DESCRIPTION OF THE TASK => The reply is to contain the full listing, repeated exactly, with pictures left out.

DATA FOR THIS EXERCISE =>
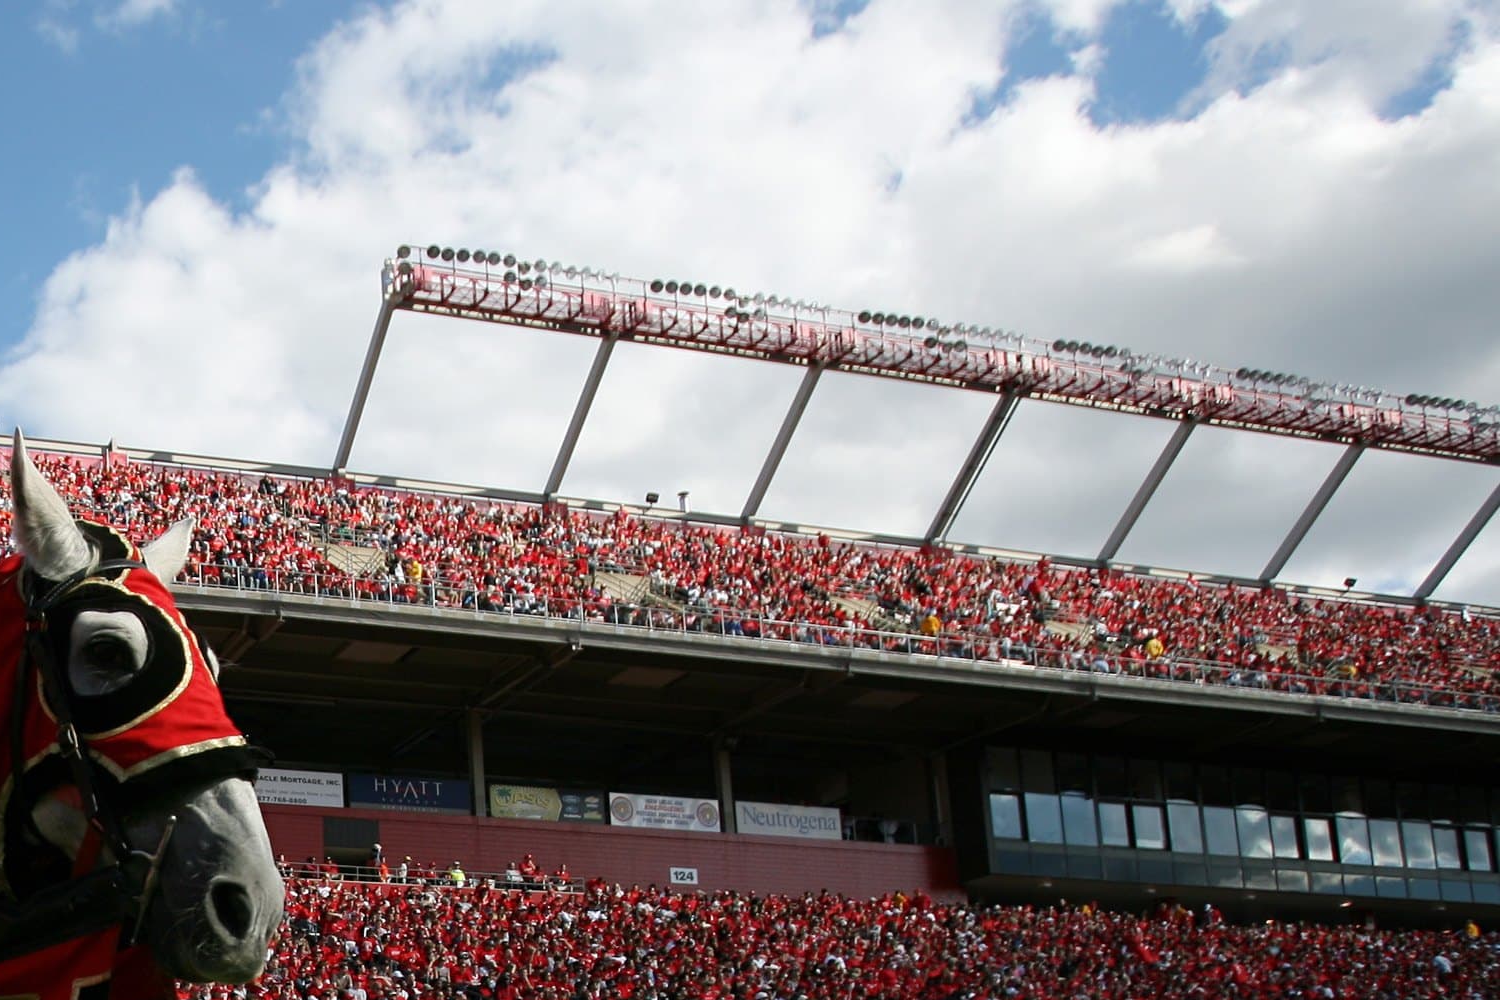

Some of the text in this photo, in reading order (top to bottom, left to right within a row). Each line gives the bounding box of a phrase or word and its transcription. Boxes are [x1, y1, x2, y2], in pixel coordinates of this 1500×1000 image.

[374, 778, 443, 799] HYATT
[742, 806, 838, 834] Neutrogena
[673, 871, 695, 882] 124
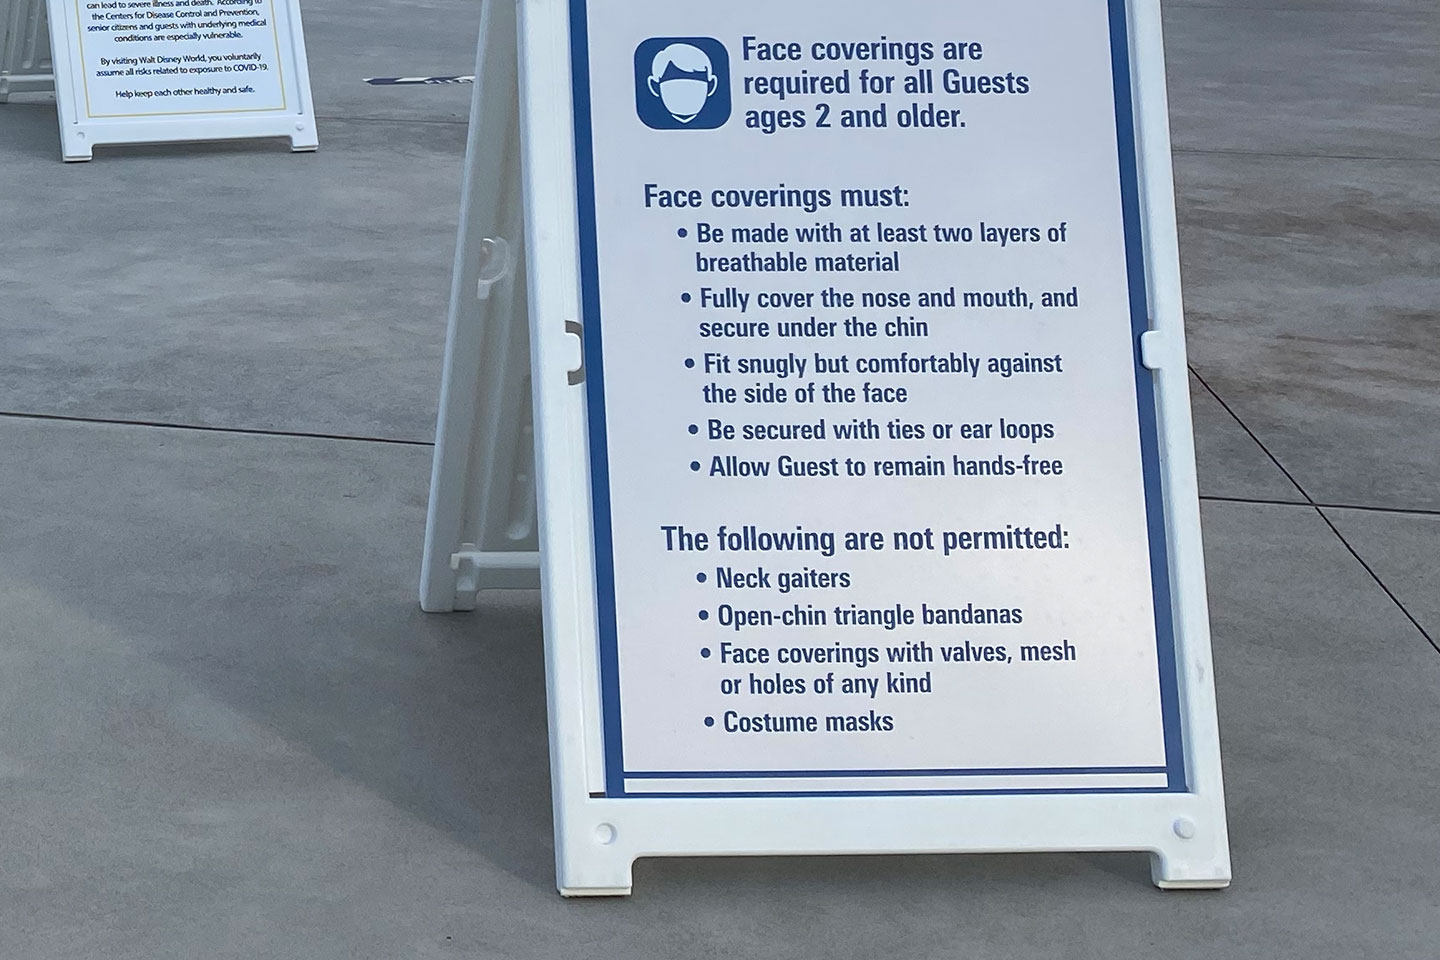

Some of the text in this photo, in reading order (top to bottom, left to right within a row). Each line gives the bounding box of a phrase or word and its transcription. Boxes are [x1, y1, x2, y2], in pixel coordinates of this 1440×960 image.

[742, 36, 983, 66] Face coverings are
[115, 85, 255, 99] Help keep each other healthy and safe.
[744, 68, 1030, 100] required for all Guests
[745, 102, 966, 134] ages 2 and older.
[644, 183, 909, 213] Face coverings must:
[696, 221, 1067, 247] Be made with at least two layers of
[695, 250, 899, 272] breathable material
[700, 286, 1078, 313] Fully cover the nose and mouth, and
[699, 315, 928, 338] secure under the chin
[703, 351, 1063, 378] Fit snugly but comfortably against
[702, 381, 908, 403] the side of the face
[707, 417, 1055, 444] Be secured with ties or ear loops
[709, 454, 1063, 477] Allow Guest to remain hands-free
[660, 523, 1069, 557] The following are not permitted:
[716, 566, 851, 593] Neck gaiters
[717, 602, 1023, 631] Open-chin triangle bandanas
[720, 639, 1076, 668] Face coverings with valves, mesh
[720, 671, 932, 699] or holes of any kind
[723, 709, 894, 733] Costume masks

RESPONSE =>
Some of the text in this photo, in reading order (top to bottom, left to right within a row). Each line gives the bounding box of a phrase or word and its transcription. Boxes are [x1, y1, x2, y2], in pixel coordinates of this 1500×1000 image.

[374, 778, 443, 799] HYATT
[742, 806, 838, 834] Neutrogena
[673, 871, 695, 882] 124

Some of the text in this photo, in reading order (top to bottom, left to right within a row). Each line gives the bounding box of a phrase or word and its transcription. Boxes are [x1, y1, x2, y2], in pixel coordinates of this 1440×960 image.

[742, 36, 983, 66] Face coverings are
[115, 85, 255, 99] Help keep each other healthy and safe.
[744, 68, 1030, 100] required for all Guests
[745, 102, 966, 134] ages 2 and older.
[644, 183, 909, 213] Face coverings must:
[696, 221, 1067, 247] Be made with at least two layers of
[695, 250, 899, 272] breathable material
[700, 286, 1078, 313] Fully cover the nose and mouth, and
[699, 315, 928, 338] secure under the chin
[703, 351, 1063, 378] Fit snugly but comfortably against
[702, 381, 908, 403] the side of the face
[707, 417, 1055, 444] Be secured with ties or ear loops
[709, 454, 1063, 477] Allow Guest to remain hands-free
[660, 523, 1069, 557] The following are not permitted:
[716, 566, 851, 593] Neck gaiters
[717, 602, 1023, 631] Open-chin triangle bandanas
[720, 639, 1076, 668] Face coverings with valves, mesh
[720, 671, 932, 699] or holes of any kind
[723, 709, 894, 733] Costume masks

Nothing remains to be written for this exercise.